Segment Open

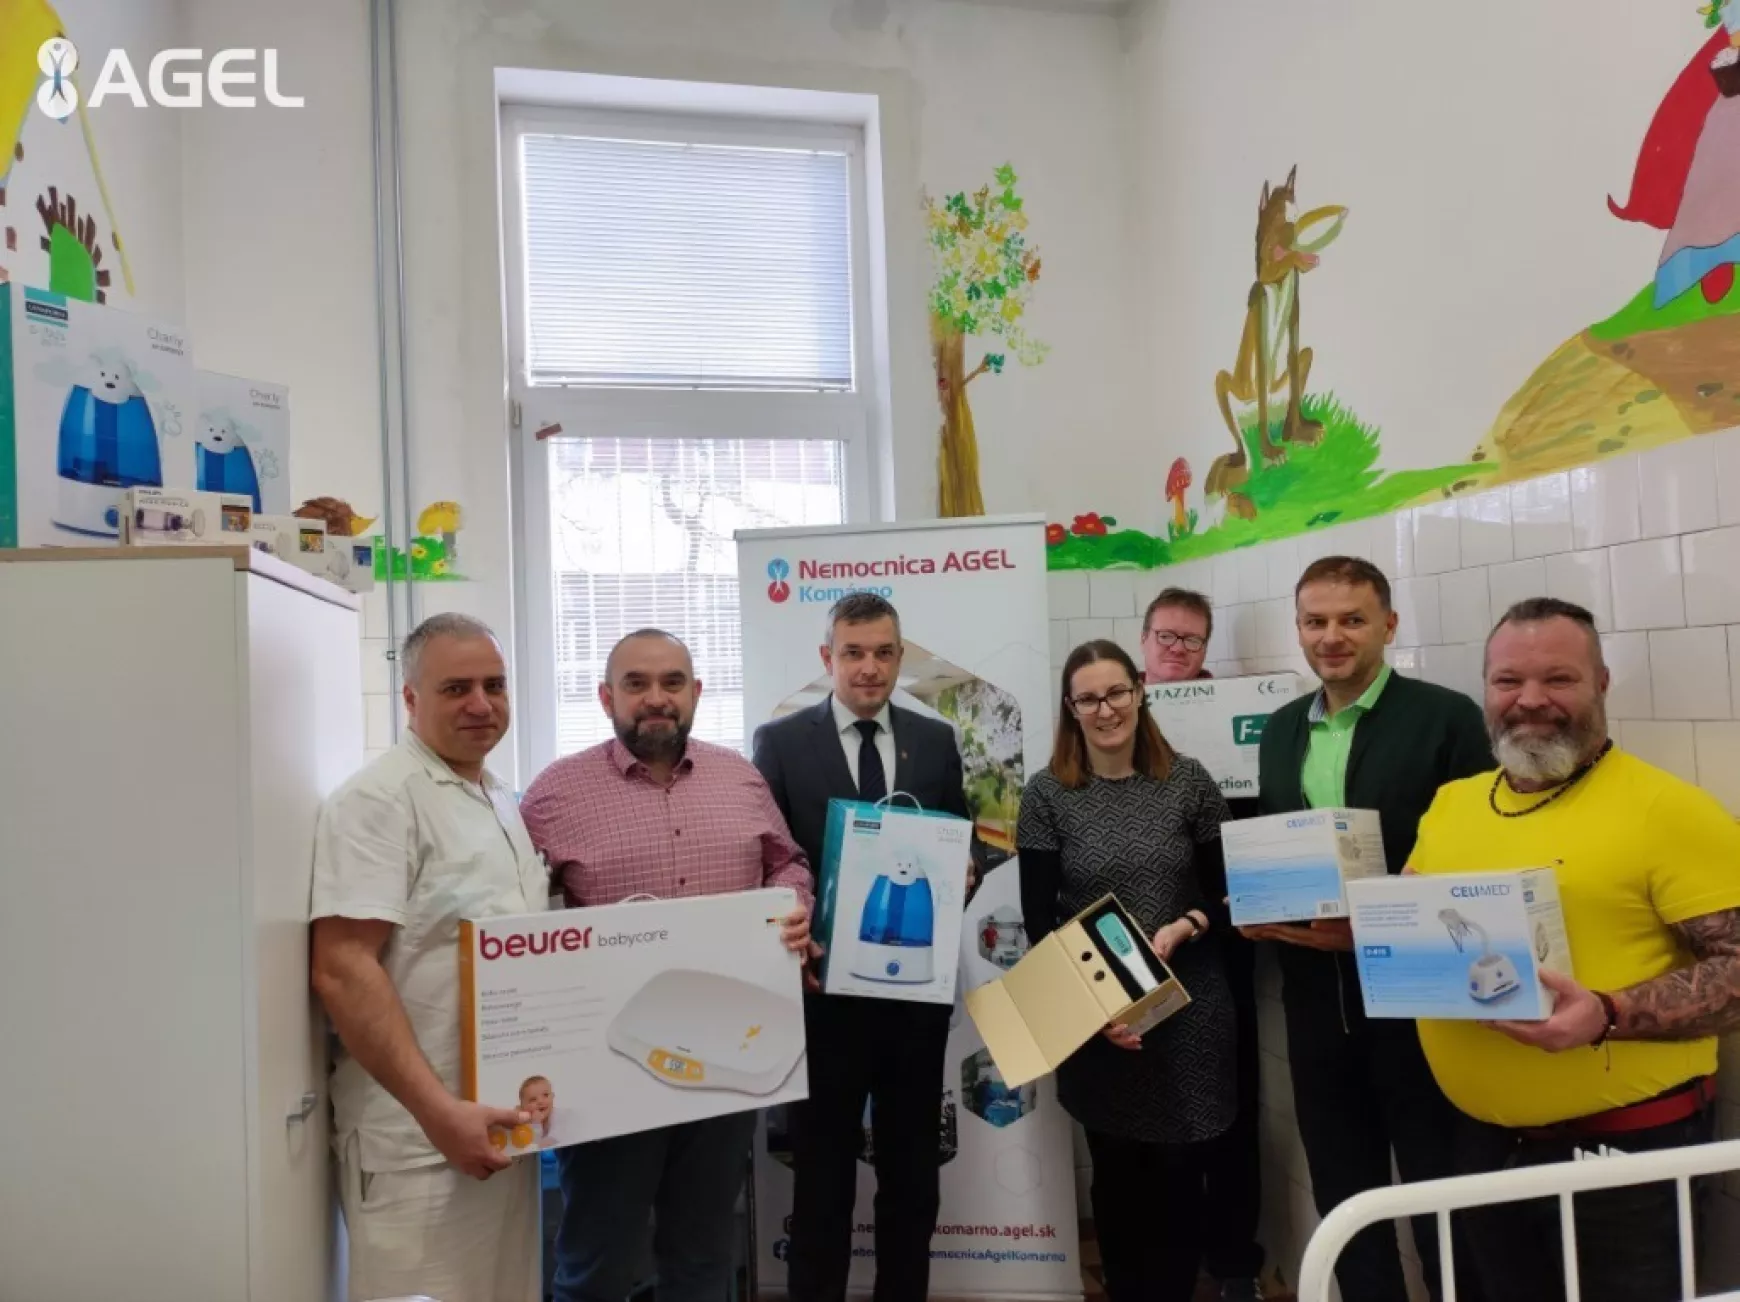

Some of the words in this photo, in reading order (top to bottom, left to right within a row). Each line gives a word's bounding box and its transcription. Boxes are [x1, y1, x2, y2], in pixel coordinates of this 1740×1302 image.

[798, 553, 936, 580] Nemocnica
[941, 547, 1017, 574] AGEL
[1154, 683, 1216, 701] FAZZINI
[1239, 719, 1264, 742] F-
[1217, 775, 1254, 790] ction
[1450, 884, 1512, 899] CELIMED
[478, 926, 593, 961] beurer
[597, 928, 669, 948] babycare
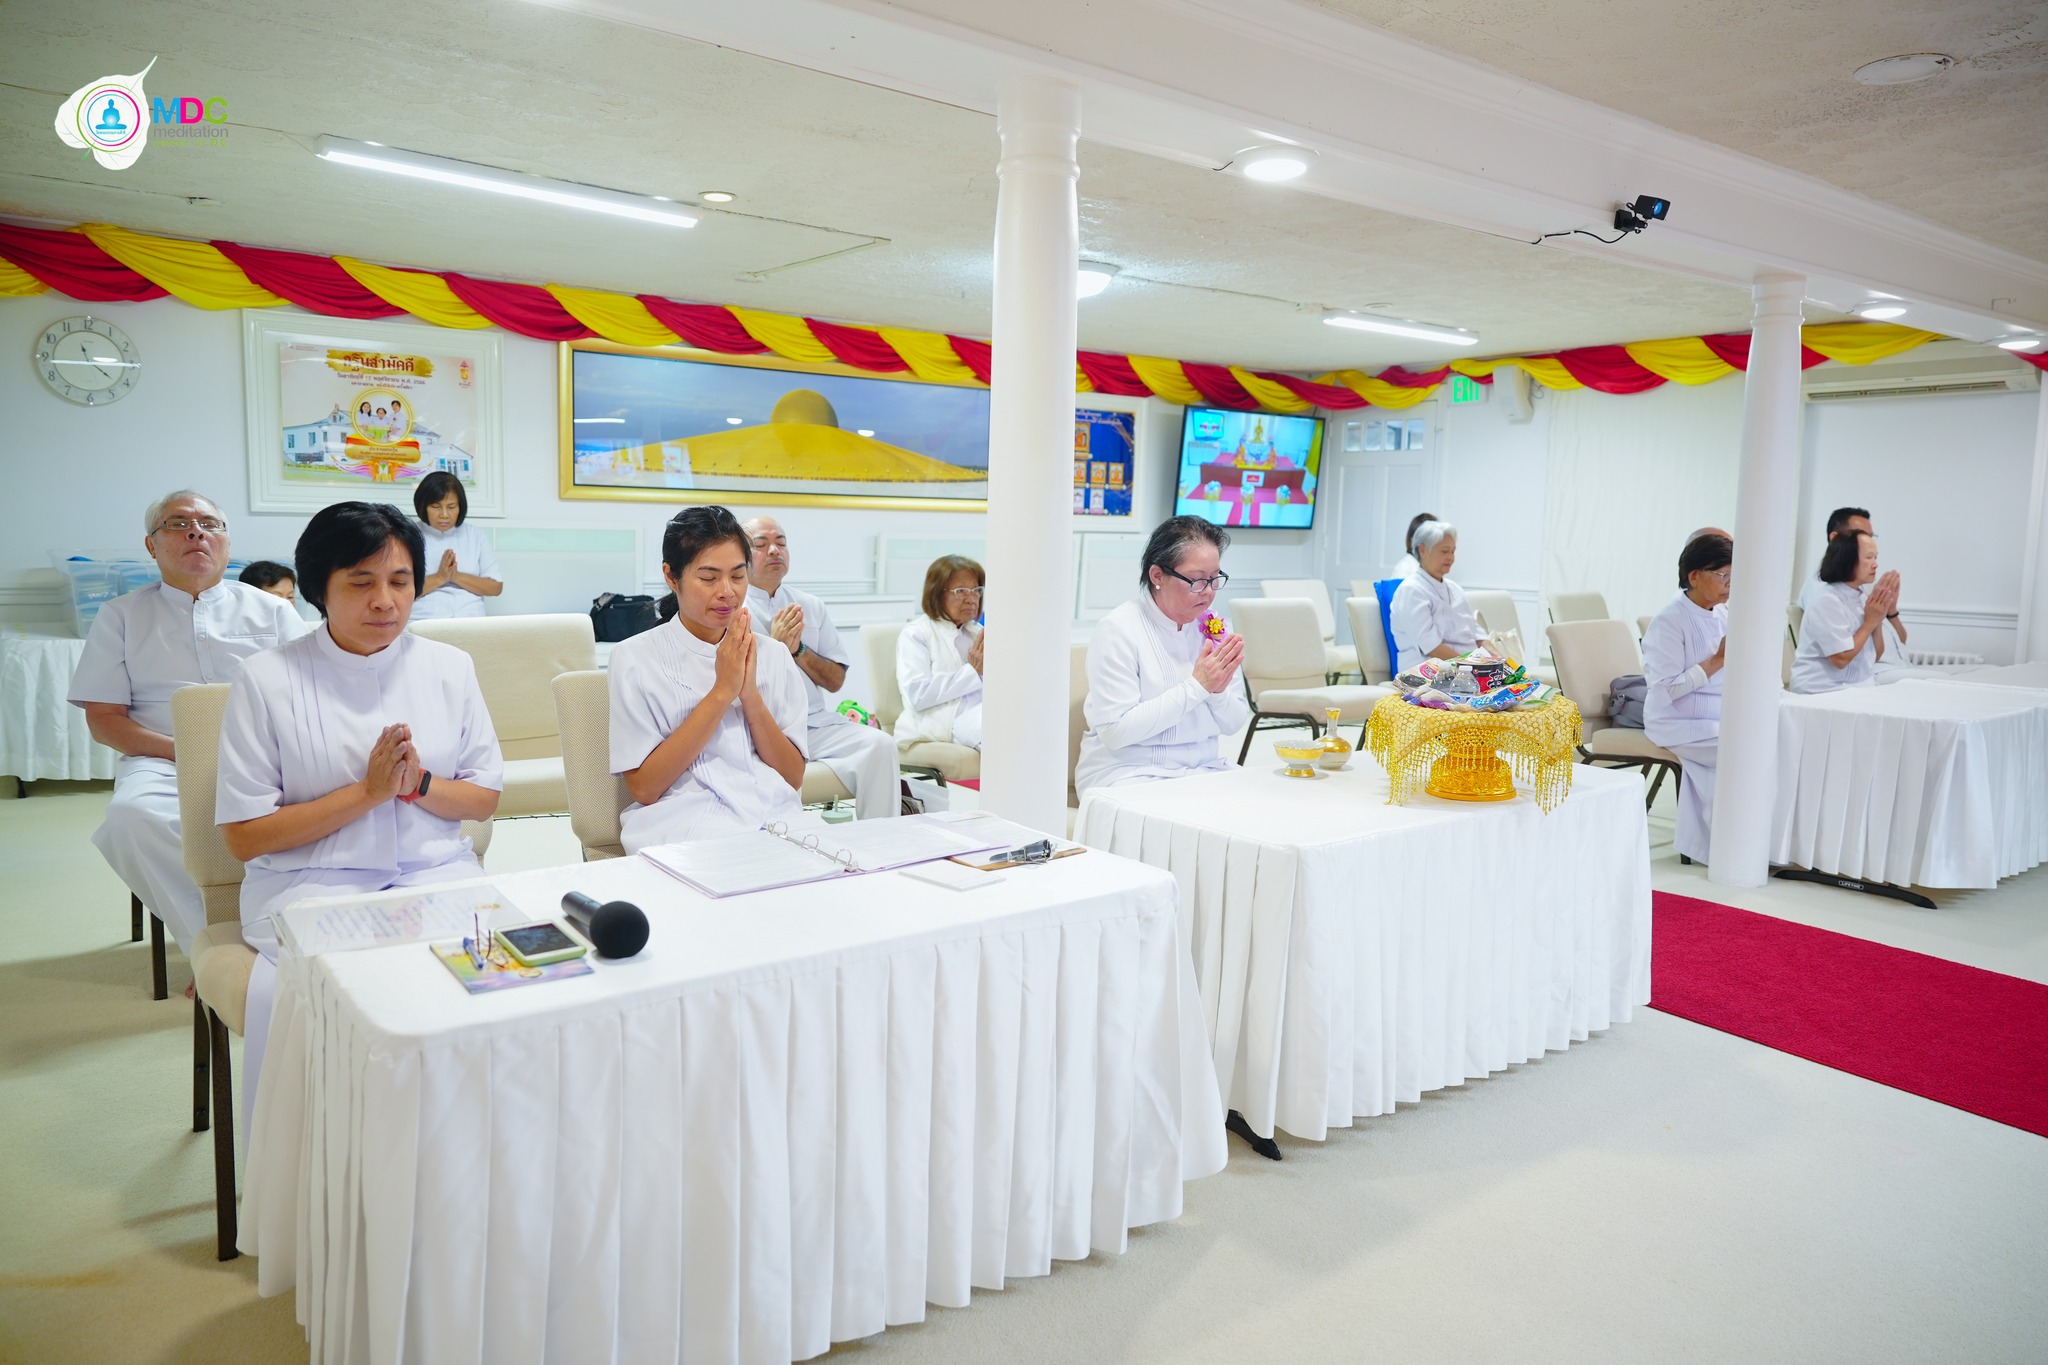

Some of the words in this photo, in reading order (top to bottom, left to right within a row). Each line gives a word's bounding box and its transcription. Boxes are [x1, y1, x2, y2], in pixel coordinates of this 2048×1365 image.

Segment Closed

▶ **WHAT IS REQUIRED**
The answer is the entries above, given again exactly, with no pictures among them.

▶ **YOUR SOLUTION**
Some of the words in this photo, in reading order (top to bottom, left to right within a row). Each line gives a word's bounding box and its transcription. Boxes are [x1, y1, x2, y2], in pixel coordinates of this 1740×1302 image.

[798, 553, 936, 580] Nemocnica
[941, 547, 1017, 574] AGEL
[1154, 683, 1216, 701] FAZZINI
[1239, 719, 1264, 742] F-
[1217, 775, 1254, 790] ction
[1450, 884, 1512, 899] CELIMED
[478, 926, 593, 961] beurer
[597, 928, 669, 948] babycare

Some of the words in this photo, in reading order (top to bottom, left to right within a row). Each line gives a word's bounding box and its transcription. Boxes are [x1, y1, x2, y2], in pixel coordinates of this 2048×1365 image.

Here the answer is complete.